§ Task to complete: From the first line to the last, reproduce the data exactly.

========================================

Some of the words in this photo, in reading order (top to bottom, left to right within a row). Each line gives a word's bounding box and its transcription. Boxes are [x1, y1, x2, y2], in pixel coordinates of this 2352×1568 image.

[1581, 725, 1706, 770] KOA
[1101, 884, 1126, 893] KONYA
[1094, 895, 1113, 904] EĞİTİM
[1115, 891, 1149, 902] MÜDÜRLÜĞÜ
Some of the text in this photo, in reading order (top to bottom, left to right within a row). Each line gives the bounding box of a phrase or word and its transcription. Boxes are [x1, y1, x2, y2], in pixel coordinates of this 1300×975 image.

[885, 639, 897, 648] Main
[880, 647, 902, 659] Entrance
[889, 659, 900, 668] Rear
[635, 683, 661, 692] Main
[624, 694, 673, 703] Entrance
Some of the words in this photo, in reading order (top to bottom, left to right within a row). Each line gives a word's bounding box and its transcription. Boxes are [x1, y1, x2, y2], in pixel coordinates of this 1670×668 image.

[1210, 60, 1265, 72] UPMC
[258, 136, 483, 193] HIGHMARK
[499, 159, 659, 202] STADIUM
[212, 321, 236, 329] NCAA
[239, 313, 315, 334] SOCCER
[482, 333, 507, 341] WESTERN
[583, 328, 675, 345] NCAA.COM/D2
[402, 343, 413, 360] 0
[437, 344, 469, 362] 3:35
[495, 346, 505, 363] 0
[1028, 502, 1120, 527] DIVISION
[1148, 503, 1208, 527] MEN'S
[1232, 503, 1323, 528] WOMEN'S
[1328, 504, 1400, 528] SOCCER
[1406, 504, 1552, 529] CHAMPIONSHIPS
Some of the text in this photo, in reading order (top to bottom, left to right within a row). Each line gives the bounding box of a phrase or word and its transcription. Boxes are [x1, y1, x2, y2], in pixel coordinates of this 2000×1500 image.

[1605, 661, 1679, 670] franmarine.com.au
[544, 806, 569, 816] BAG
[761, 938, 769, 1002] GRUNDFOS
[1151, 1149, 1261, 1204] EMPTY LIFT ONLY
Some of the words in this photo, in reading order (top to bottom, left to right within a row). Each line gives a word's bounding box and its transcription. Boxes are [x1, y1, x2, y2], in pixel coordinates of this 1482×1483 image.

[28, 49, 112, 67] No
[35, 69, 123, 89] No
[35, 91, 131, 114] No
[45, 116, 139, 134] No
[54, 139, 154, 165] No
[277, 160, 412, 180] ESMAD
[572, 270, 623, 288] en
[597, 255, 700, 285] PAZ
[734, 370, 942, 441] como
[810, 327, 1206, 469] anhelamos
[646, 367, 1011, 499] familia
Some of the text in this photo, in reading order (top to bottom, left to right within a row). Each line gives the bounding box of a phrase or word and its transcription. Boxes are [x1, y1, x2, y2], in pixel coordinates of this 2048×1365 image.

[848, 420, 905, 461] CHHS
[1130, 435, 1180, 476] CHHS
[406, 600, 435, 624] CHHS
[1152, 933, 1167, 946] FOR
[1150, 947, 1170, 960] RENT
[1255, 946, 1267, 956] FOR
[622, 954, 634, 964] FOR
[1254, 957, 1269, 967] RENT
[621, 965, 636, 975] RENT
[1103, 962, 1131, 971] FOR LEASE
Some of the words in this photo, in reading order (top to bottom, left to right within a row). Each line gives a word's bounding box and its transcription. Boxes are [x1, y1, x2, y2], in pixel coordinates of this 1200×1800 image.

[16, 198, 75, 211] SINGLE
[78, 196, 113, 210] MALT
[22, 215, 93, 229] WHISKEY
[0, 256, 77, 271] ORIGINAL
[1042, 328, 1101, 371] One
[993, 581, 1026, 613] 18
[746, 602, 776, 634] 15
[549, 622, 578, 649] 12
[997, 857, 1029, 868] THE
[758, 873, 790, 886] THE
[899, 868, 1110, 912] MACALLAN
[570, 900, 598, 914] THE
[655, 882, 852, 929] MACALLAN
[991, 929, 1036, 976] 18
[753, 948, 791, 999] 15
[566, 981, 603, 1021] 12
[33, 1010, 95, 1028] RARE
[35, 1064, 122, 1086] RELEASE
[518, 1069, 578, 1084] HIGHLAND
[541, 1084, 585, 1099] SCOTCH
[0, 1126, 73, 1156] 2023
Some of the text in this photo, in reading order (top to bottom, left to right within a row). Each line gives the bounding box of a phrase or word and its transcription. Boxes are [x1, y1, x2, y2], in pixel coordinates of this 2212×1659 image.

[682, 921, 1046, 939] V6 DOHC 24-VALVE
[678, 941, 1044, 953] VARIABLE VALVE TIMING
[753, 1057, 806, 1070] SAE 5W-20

========================================

§ Output of the exercise:
Some of the words in this photo, in reading order (top to bottom, left to right within a row). Each line gives a word's bounding box and its transcription. Boxes are [x1, y1, x2, y2], in pixel coordinates of this 2352×1568 image.

[1581, 725, 1706, 770] KOA
[1101, 884, 1126, 893] KONYA
[1094, 895, 1113, 904] EĞİTİM
[1115, 891, 1149, 902] MÜDÜRLÜĞÜ
Some of the text in this photo, in reading order (top to bottom, left to right within a row). Each line gives the bounding box of a phrase or word and its transcription. Boxes are [x1, y1, x2, y2], in pixel coordinates of this 1300×975 image.

[885, 639, 897, 648] Main
[880, 647, 902, 659] Entrance
[889, 659, 900, 668] Rear
[635, 683, 661, 692] Main
[624, 694, 673, 703] Entrance
Some of the words in this photo, in reading order (top to bottom, left to right within a row). Each line gives a word's bounding box and its transcription. Boxes are [x1, y1, x2, y2], in pixel coordinates of this 1670×668 image.

[1210, 60, 1265, 72] UPMC
[258, 136, 483, 193] HIGHMARK
[499, 159, 659, 202] STADIUM
[212, 321, 236, 329] NCAA
[239, 313, 315, 334] SOCCER
[482, 333, 507, 341] WESTERN
[583, 328, 675, 345] NCAA.COM/D2
[402, 343, 413, 360] 0
[437, 344, 469, 362] 3:35
[495, 346, 505, 363] 0
[1028, 502, 1120, 527] DIVISION
[1148, 503, 1208, 527] MEN'S
[1232, 503, 1323, 528] WOMEN'S
[1328, 504, 1400, 528] SOCCER
[1406, 504, 1552, 529] CHAMPIONSHIPS
Some of the text in this photo, in reading order (top to bottom, left to right within a row). Each line gives the bounding box of a phrase or word and its transcription. Boxes are [x1, y1, x2, y2], in pixel coordinates of this 2000×1500 image.

[1605, 661, 1679, 670] franmarine.com.au
[544, 806, 569, 816] BAG
[761, 938, 769, 1002] GRUNDFOS
[1151, 1149, 1261, 1204] EMPTY LIFT ONLY
Some of the words in this photo, in reading order (top to bottom, left to right within a row). Each line gives a word's bounding box and its transcription. Boxes are [x1, y1, x2, y2], in pixel coordinates of this 1482×1483 image.

[28, 49, 112, 67] No
[35, 69, 123, 89] No
[35, 91, 131, 114] No
[45, 116, 139, 134] No
[54, 139, 154, 165] No
[277, 160, 412, 180] ESMAD
[572, 270, 623, 288] en
[597, 255, 700, 285] PAZ
[734, 370, 942, 441] como
[810, 327, 1206, 469] anhelamos
[646, 367, 1011, 499] familia
Some of the text in this photo, in reading order (top to bottom, left to right within a row). Each line gives the bounding box of a phrase or word and its transcription. Boxes are [x1, y1, x2, y2], in pixel coordinates of this 2048×1365 image.

[848, 420, 905, 461] CHHS
[1130, 435, 1180, 476] CHHS
[406, 600, 435, 624] CHHS
[1152, 933, 1167, 946] FOR
[1150, 947, 1170, 960] RENT
[1255, 946, 1267, 956] FOR
[622, 954, 634, 964] FOR
[1254, 957, 1269, 967] RENT
[621, 965, 636, 975] RENT
[1103, 962, 1131, 971] FOR LEASE
Some of the words in this photo, in reading order (top to bottom, left to right within a row). Each line gives a word's bounding box and its transcription. Boxes are [x1, y1, x2, y2], in pixel coordinates of this 1200×1800 image.

[16, 198, 75, 211] SINGLE
[78, 196, 113, 210] MALT
[22, 215, 93, 229] WHISKEY
[0, 256, 77, 271] ORIGINAL
[1042, 328, 1101, 371] One
[993, 581, 1026, 613] 18
[746, 602, 776, 634] 15
[549, 622, 578, 649] 12
[997, 857, 1029, 868] THE
[758, 873, 790, 886] THE
[899, 868, 1110, 912] MACALLAN
[570, 900, 598, 914] THE
[655, 882, 852, 929] MACALLAN
[991, 929, 1036, 976] 18
[753, 948, 791, 999] 15
[566, 981, 603, 1021] 12
[33, 1010, 95, 1028] RARE
[35, 1064, 122, 1086] RELEASE
[518, 1069, 578, 1084] HIGHLAND
[541, 1084, 585, 1099] SCOTCH
[0, 1126, 73, 1156] 2023
Some of the text in this photo, in reading order (top to bottom, left to right within a row). Each line gives the bounding box of a phrase or word and its transcription. Boxes are [x1, y1, x2, y2], in pixel coordinates of this 2212×1659 image.

[682, 921, 1046, 939] V6 DOHC 24-VALVE
[678, 941, 1044, 953] VARIABLE VALVE TIMING
[753, 1057, 806, 1070] SAE 5W-20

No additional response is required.